*INFORMATION GIVEN*:

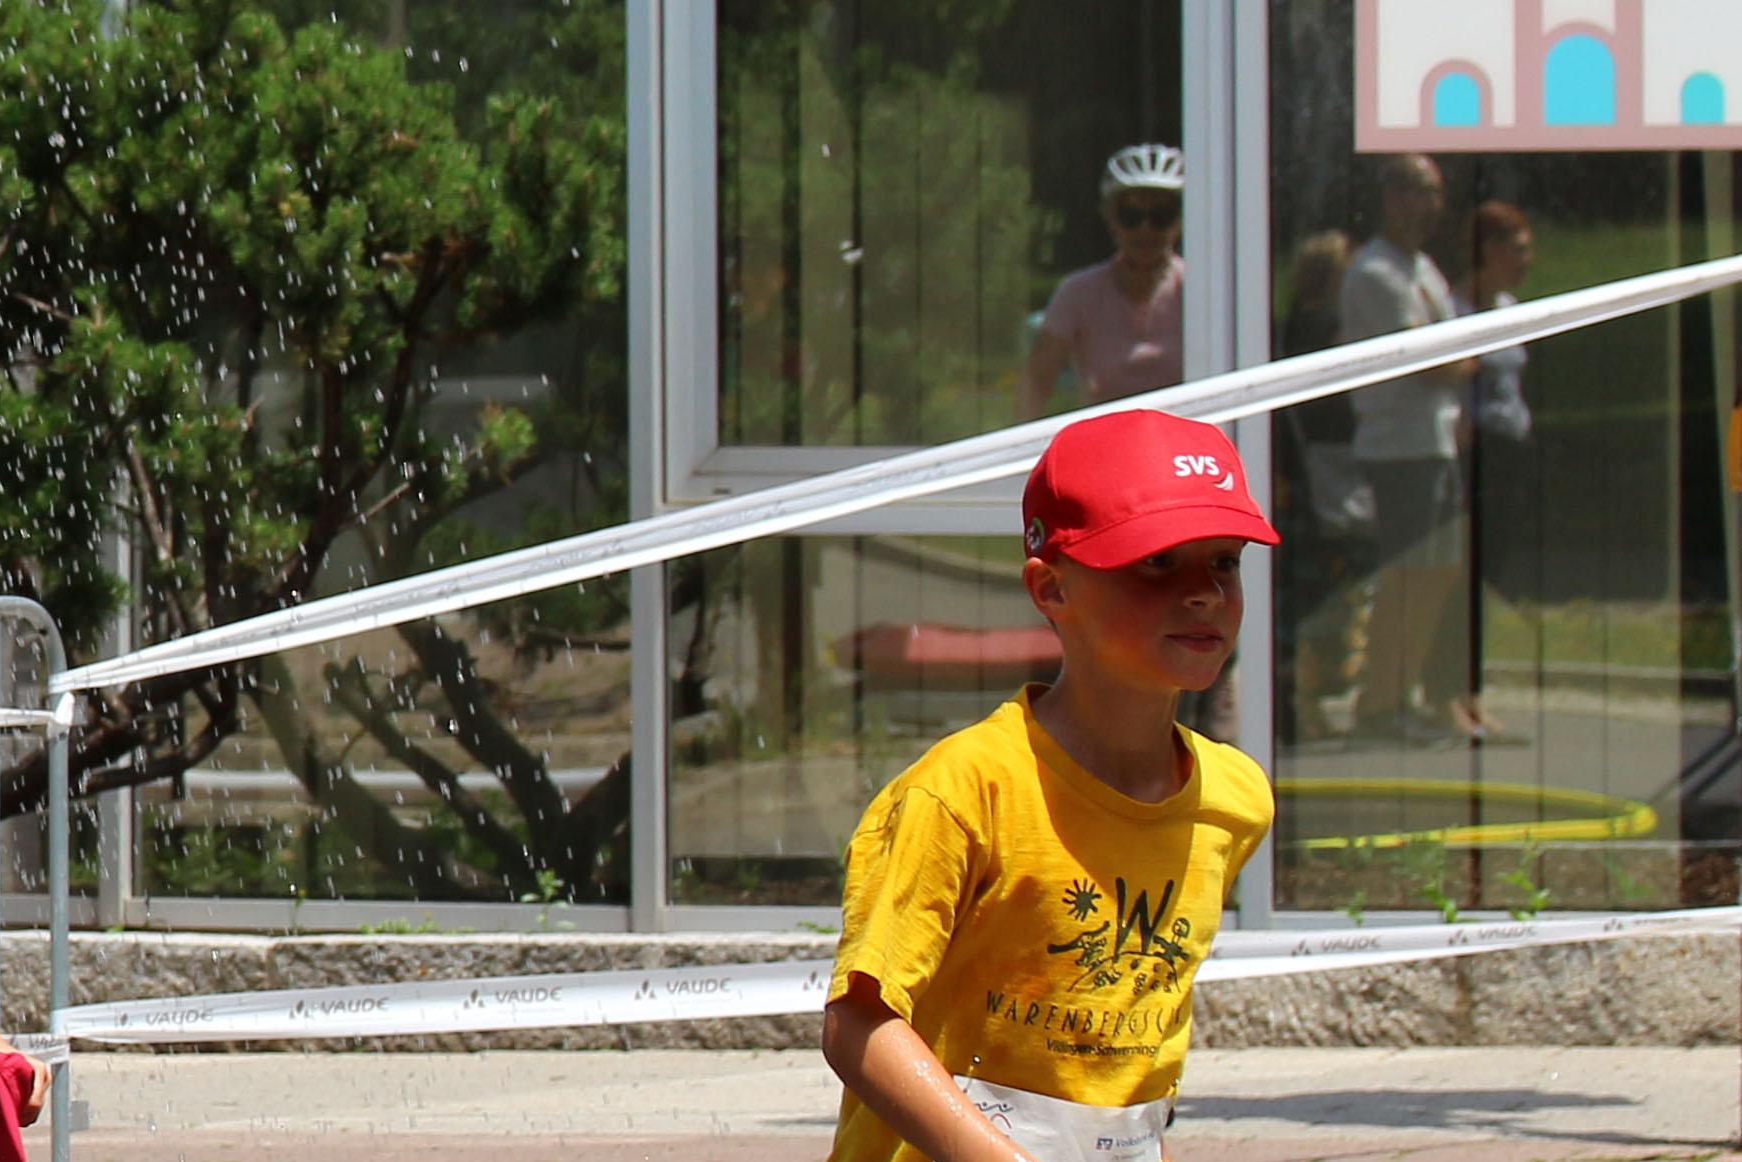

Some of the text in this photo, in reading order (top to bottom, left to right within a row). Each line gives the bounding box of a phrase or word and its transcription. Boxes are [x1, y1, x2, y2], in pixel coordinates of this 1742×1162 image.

[1173, 455, 1220, 477] SVS
[495, 986, 562, 1004] VAUDE
[667, 977, 732, 995] VAUDE
[322, 997, 390, 1014] VAUDE
[145, 1008, 214, 1026] VAUDE

*WHAT NEEDS TO BE DONE*: Would you repeat the material exactly, keeping out any pictures?

*ANSWER*:
Some of the text in this photo, in reading order (top to bottom, left to right within a row). Each line gives the bounding box of a phrase or word and its transcription. Boxes are [x1, y1, x2, y2], in pixel coordinates of this 1742×1162 image.

[1173, 455, 1220, 477] SVS
[495, 986, 562, 1004] VAUDE
[667, 977, 732, 995] VAUDE
[322, 997, 390, 1014] VAUDE
[145, 1008, 214, 1026] VAUDE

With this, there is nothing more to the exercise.